That flamboyant fundamentalist preacher J. Frank Norris shaped my early life.
Yes, I was born in 1950, and he died in 1952; but before that my dad, Tom Moody, graduated from Daviess County High School (in Kentucky) in 1940 and moved to Detroit for work. There he was drawn to the preaching of Rev. Norris at the Temple Baptist Church, one of two churches where Norris served as pastor. It may have been dad’s first exposure to this kind of religion, as he was only three years removed from his own baptism in the Green River.
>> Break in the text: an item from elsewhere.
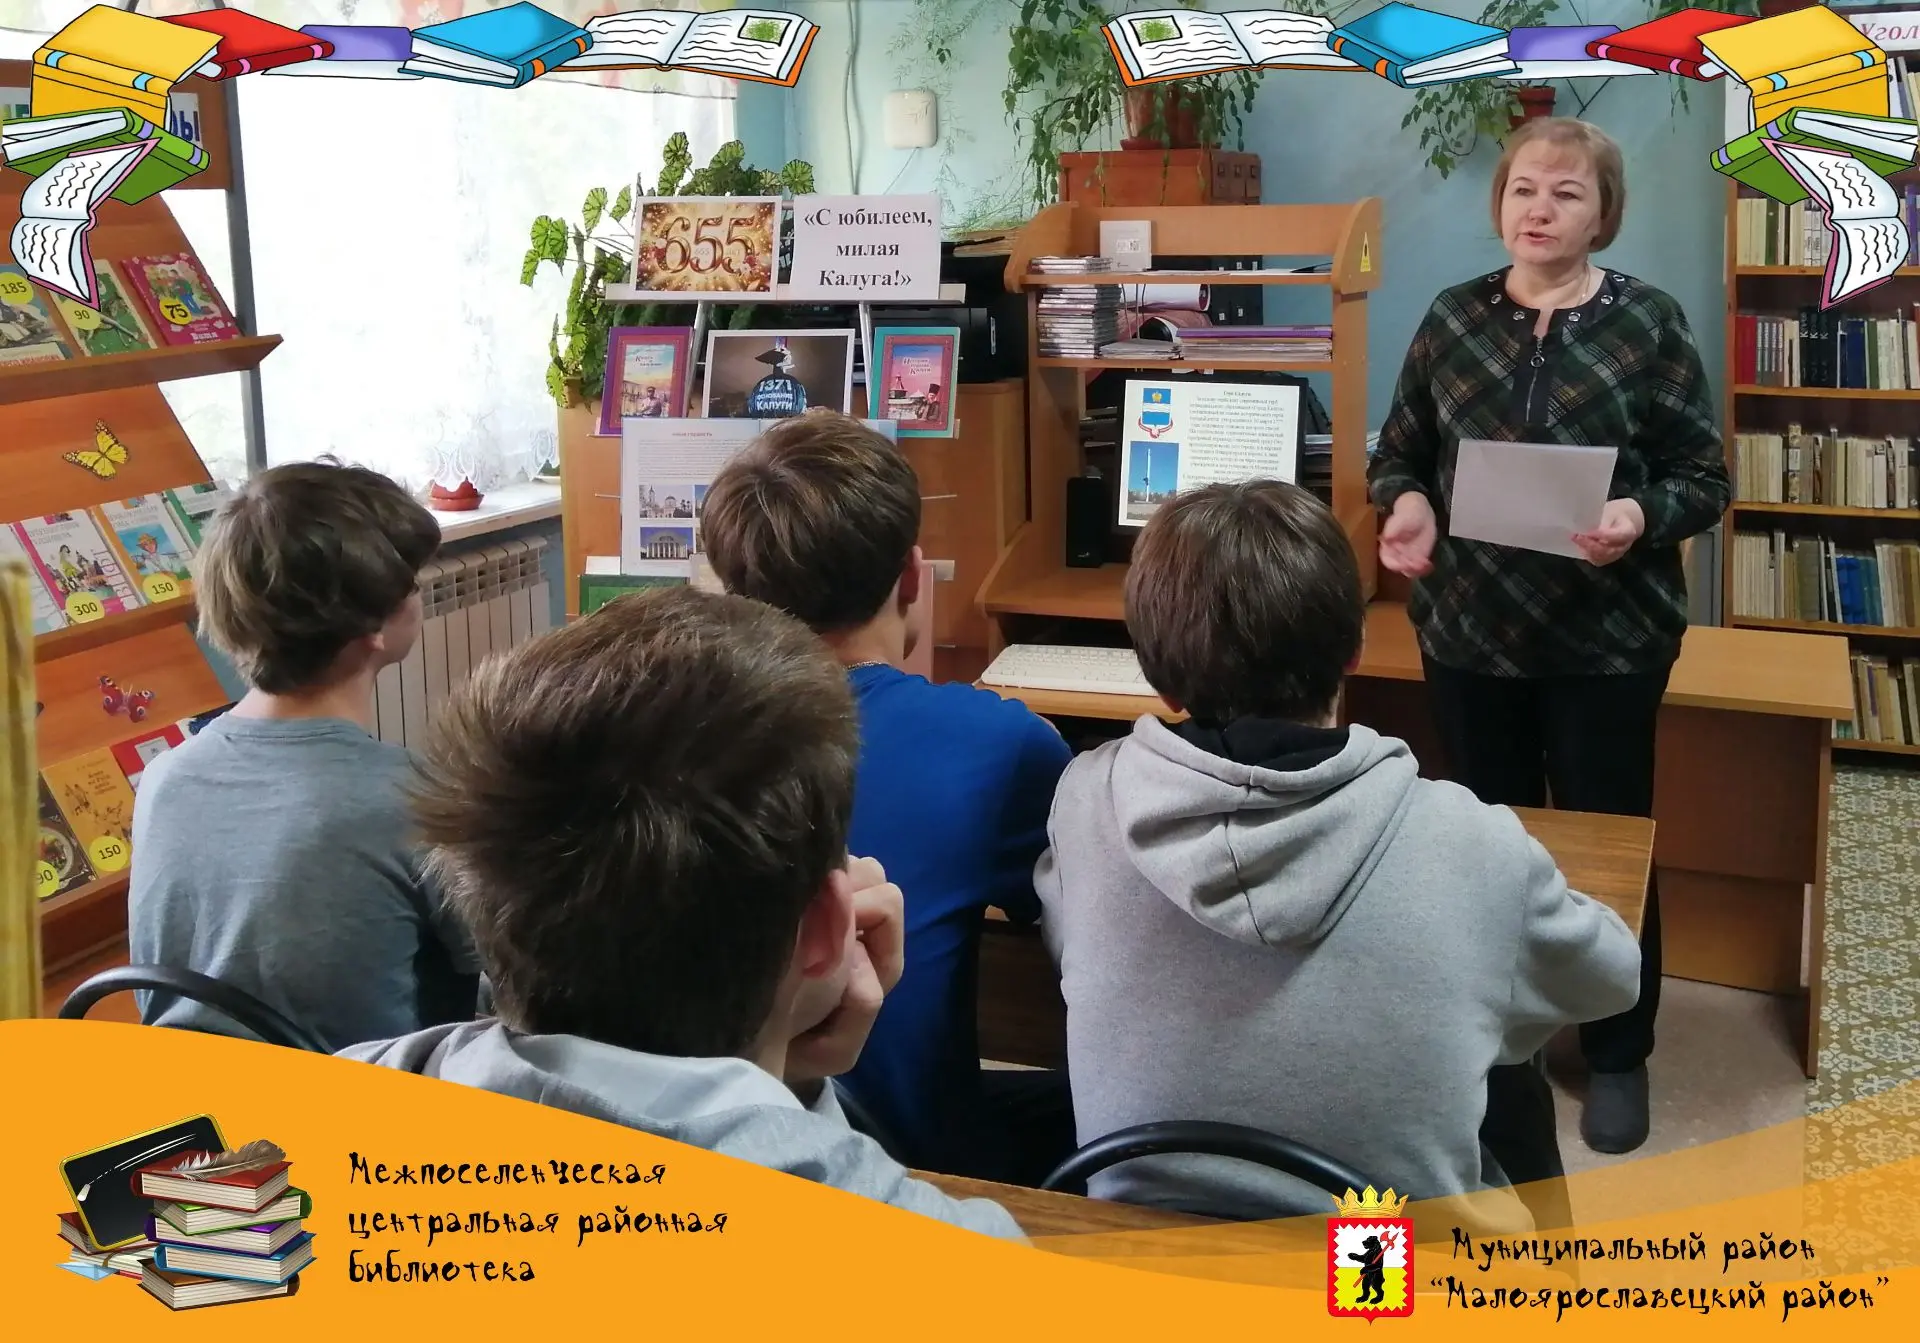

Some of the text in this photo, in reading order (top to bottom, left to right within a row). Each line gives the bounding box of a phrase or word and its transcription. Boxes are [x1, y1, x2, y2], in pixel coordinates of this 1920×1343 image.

After the War, Tom Moody went back to Detroit, reconnected with Rev. Norris, and turned down an offer from Norris to move to Ft. Worth to become a youth minister at the other church which named Norris as pastor, First Baptist Church. Instead, he moved to Lexington, Kentucky, enrolled in the University, and began courting Emma Reita Redden. Before and after their marriage in 1948, they got connected to the influential Ashland Avenue Baptist Church, then the epicenter of what we now call Baptist Fundamentalism in the region.
Clarence Walker was the pastor, for fifty years. He was warm and kind six days a week but on Sunday he was a fiery preacher of the gospel of repentance and holiness (by which he meant separation from anything worldly, wasteful, or liberal). His guest revivalist preached the same, and it was on a Thursday night of one of these two-week campaigns that I walked the aisle and confessed by trust in Jesus as Savior. Pastor Walker baptized me the following Sunday, all the way under and up dripping wet. “Don’t look at the crowd,” I remember him telling me, not quite ten years old, “It will make you nervous.” I am sure there is a scripture reference to that admon2ition.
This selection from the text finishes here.